--- Task goal ---
Please provide the entries below again, word for word.

--- Data to examine ---
*** Block opens ***
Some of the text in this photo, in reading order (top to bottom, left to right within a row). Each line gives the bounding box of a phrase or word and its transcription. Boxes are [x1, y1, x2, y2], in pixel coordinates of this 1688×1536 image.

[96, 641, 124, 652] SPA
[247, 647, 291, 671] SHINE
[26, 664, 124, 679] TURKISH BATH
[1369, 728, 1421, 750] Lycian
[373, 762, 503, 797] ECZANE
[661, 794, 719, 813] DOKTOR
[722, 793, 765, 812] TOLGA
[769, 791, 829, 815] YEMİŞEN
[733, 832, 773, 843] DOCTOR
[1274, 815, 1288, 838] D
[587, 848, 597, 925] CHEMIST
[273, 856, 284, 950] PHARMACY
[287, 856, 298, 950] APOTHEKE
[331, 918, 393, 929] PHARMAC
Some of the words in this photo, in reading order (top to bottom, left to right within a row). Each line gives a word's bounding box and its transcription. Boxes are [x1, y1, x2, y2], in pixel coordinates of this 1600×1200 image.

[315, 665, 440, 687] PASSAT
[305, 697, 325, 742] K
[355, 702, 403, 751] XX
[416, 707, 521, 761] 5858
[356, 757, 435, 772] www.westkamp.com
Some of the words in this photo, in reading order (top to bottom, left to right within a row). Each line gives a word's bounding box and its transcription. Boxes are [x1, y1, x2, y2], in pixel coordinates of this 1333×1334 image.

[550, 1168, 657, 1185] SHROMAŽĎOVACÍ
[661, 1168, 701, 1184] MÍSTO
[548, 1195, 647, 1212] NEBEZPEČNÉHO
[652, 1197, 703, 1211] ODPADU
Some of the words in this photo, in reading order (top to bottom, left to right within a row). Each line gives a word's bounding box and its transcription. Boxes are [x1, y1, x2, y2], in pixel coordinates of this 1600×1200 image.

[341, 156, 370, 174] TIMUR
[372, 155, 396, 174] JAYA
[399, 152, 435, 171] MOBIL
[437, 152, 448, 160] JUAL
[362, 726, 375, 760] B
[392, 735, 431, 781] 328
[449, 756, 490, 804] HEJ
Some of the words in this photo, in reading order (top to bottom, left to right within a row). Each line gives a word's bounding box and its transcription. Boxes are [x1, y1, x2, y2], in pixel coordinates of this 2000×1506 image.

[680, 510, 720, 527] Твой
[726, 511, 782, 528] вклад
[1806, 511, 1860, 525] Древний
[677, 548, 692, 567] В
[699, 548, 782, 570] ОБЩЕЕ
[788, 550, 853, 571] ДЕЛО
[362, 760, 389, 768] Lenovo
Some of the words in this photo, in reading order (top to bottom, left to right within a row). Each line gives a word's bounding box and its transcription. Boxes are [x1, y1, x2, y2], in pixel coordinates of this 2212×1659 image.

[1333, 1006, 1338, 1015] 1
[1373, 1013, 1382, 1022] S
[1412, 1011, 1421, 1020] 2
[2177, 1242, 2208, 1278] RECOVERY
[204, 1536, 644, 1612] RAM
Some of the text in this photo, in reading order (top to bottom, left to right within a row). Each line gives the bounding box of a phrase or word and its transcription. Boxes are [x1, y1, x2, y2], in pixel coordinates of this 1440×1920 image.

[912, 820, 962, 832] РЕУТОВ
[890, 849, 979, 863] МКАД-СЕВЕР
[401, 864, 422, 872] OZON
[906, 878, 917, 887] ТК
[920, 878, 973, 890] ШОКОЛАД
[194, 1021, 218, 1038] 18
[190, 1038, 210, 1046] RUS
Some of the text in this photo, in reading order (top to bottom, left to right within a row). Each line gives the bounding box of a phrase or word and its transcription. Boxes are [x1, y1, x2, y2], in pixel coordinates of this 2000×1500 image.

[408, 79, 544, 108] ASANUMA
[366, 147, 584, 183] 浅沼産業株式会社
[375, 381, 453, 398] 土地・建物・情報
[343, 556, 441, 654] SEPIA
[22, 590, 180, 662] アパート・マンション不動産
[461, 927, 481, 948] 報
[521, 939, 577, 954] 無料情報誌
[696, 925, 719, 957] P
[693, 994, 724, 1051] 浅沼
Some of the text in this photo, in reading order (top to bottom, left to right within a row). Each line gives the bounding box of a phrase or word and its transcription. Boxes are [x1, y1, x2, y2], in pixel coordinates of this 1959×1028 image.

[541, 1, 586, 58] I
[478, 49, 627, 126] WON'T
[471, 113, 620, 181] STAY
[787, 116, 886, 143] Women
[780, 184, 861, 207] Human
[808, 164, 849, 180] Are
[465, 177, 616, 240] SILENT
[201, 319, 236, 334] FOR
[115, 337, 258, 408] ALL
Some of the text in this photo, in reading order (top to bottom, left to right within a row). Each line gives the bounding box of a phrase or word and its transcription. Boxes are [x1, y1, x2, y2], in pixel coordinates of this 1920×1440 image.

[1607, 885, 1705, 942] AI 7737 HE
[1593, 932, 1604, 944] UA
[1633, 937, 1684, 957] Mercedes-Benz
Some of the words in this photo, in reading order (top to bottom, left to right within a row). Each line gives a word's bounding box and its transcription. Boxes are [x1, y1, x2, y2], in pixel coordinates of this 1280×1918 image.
*** Block closes ***
--- Response area ---
Some of the text in this photo, in reading order (top to bottom, left to right within a row). Each line gives the bounding box of a phrase or word and its transcription. Boxes are [x1, y1, x2, y2], in pixel coordinates of this 1688×1536 image.

[96, 641, 124, 652] SPA
[247, 647, 291, 671] SHINE
[26, 664, 124, 679] TURKISH BATH
[1369, 728, 1421, 750] Lycian
[373, 762, 503, 797] ECZANE
[661, 794, 719, 813] DOKTOR
[722, 793, 765, 812] TOLGA
[769, 791, 829, 815] YEMİŞEN
[733, 832, 773, 843] DOCTOR
[1274, 815, 1288, 838] D
[587, 848, 597, 925] CHEMIST
[273, 856, 284, 950] PHARMACY
[287, 856, 298, 950] APOTHEKE
[331, 918, 393, 929] PHARMAC
Some of the words in this photo, in reading order (top to bottom, left to right within a row). Each line gives a word's bounding box and its transcription. Boxes are [x1, y1, x2, y2], in pixel coordinates of this 1600×1200 image.

[315, 665, 440, 687] PASSAT
[305, 697, 325, 742] K
[355, 702, 403, 751] XX
[416, 707, 521, 761] 5858
[356, 757, 435, 772] www.westkamp.com
Some of the words in this photo, in reading order (top to bottom, left to right within a row). Each line gives a word's bounding box and its transcription. Boxes are [x1, y1, x2, y2], in pixel coordinates of this 1333×1334 image.

[550, 1168, 657, 1185] SHROMAŽĎOVACÍ
[661, 1168, 701, 1184] MÍSTO
[548, 1195, 647, 1212] NEBEZPEČNÉHO
[652, 1197, 703, 1211] ODPADU
Some of the words in this photo, in reading order (top to bottom, left to right within a row). Each line gives a word's bounding box and its transcription. Boxes are [x1, y1, x2, y2], in pixel coordinates of this 1600×1200 image.

[341, 156, 370, 174] TIMUR
[372, 155, 396, 174] JAYA
[399, 152, 435, 171] MOBIL
[437, 152, 448, 160] JUAL
[362, 726, 375, 760] B
[392, 735, 431, 781] 328
[449, 756, 490, 804] HEJ
Some of the words in this photo, in reading order (top to bottom, left to right within a row). Each line gives a word's bounding box and its transcription. Boxes are [x1, y1, x2, y2], in pixel coordinates of this 2000×1506 image.

[680, 510, 720, 527] Твой
[726, 511, 782, 528] вклад
[1806, 511, 1860, 525] Древний
[677, 548, 692, 567] В
[699, 548, 782, 570] ОБЩЕЕ
[788, 550, 853, 571] ДЕЛО
[362, 760, 389, 768] Lenovo
Some of the words in this photo, in reading order (top to bottom, left to right within a row). Each line gives a word's bounding box and its transcription. Boxes are [x1, y1, x2, y2], in pixel coordinates of this 2212×1659 image.

[1333, 1006, 1338, 1015] 1
[1373, 1013, 1382, 1022] S
[1412, 1011, 1421, 1020] 2
[2177, 1242, 2208, 1278] RECOVERY
[204, 1536, 644, 1612] RAM
Some of the text in this photo, in reading order (top to bottom, left to right within a row). Each line gives the bounding box of a phrase or word and its transcription. Boxes are [x1, y1, x2, y2], in pixel coordinates of this 1440×1920 image.

[912, 820, 962, 832] РЕУТОВ
[890, 849, 979, 863] МКАД-СЕВЕР
[401, 864, 422, 872] OZON
[906, 878, 917, 887] ТК
[920, 878, 973, 890] ШОКОЛАД
[194, 1021, 218, 1038] 18
[190, 1038, 210, 1046] RUS
Some of the text in this photo, in reading order (top to bottom, left to right within a row). Each line gives the bounding box of a phrase or word and its transcription. Boxes are [x1, y1, x2, y2], in pixel coordinates of this 2000×1500 image.

[408, 79, 544, 108] ASANUMA
[366, 147, 584, 183] 浅沼産業株式会社
[375, 381, 453, 398] 土地・建物・情報
[343, 556, 441, 654] SEPIA
[22, 590, 180, 662] アパート・マンション不動産
[461, 927, 481, 948] 報
[521, 939, 577, 954] 無料情報誌
[696, 925, 719, 957] P
[693, 994, 724, 1051] 浅沼
Some of the text in this photo, in reading order (top to bottom, left to right within a row). Each line gives the bounding box of a phrase or word and its transcription. Boxes are [x1, y1, x2, y2], in pixel coordinates of this 1959×1028 image.

[541, 1, 586, 58] I
[478, 49, 627, 126] WON'T
[471, 113, 620, 181] STAY
[787, 116, 886, 143] Women
[780, 184, 861, 207] Human
[808, 164, 849, 180] Are
[465, 177, 616, 240] SILENT
[201, 319, 236, 334] FOR
[115, 337, 258, 408] ALL
Some of the text in this photo, in reading order (top to bottom, left to right within a row). Each line gives the bounding box of a phrase or word and its transcription. Boxes are [x1, y1, x2, y2], in pixel coordinates of this 1920×1440 image.

[1607, 885, 1705, 942] AI 7737 HE
[1593, 932, 1604, 944] UA
[1633, 937, 1684, 957] Mercedes-Benz
Some of the words in this photo, in reading order (top to bottom, left to right within a row). Each line gives a word's bounding box and its transcription. Boxes are [x1, y1, x2, y2], in pixel coordinates of this 1280×1918 image.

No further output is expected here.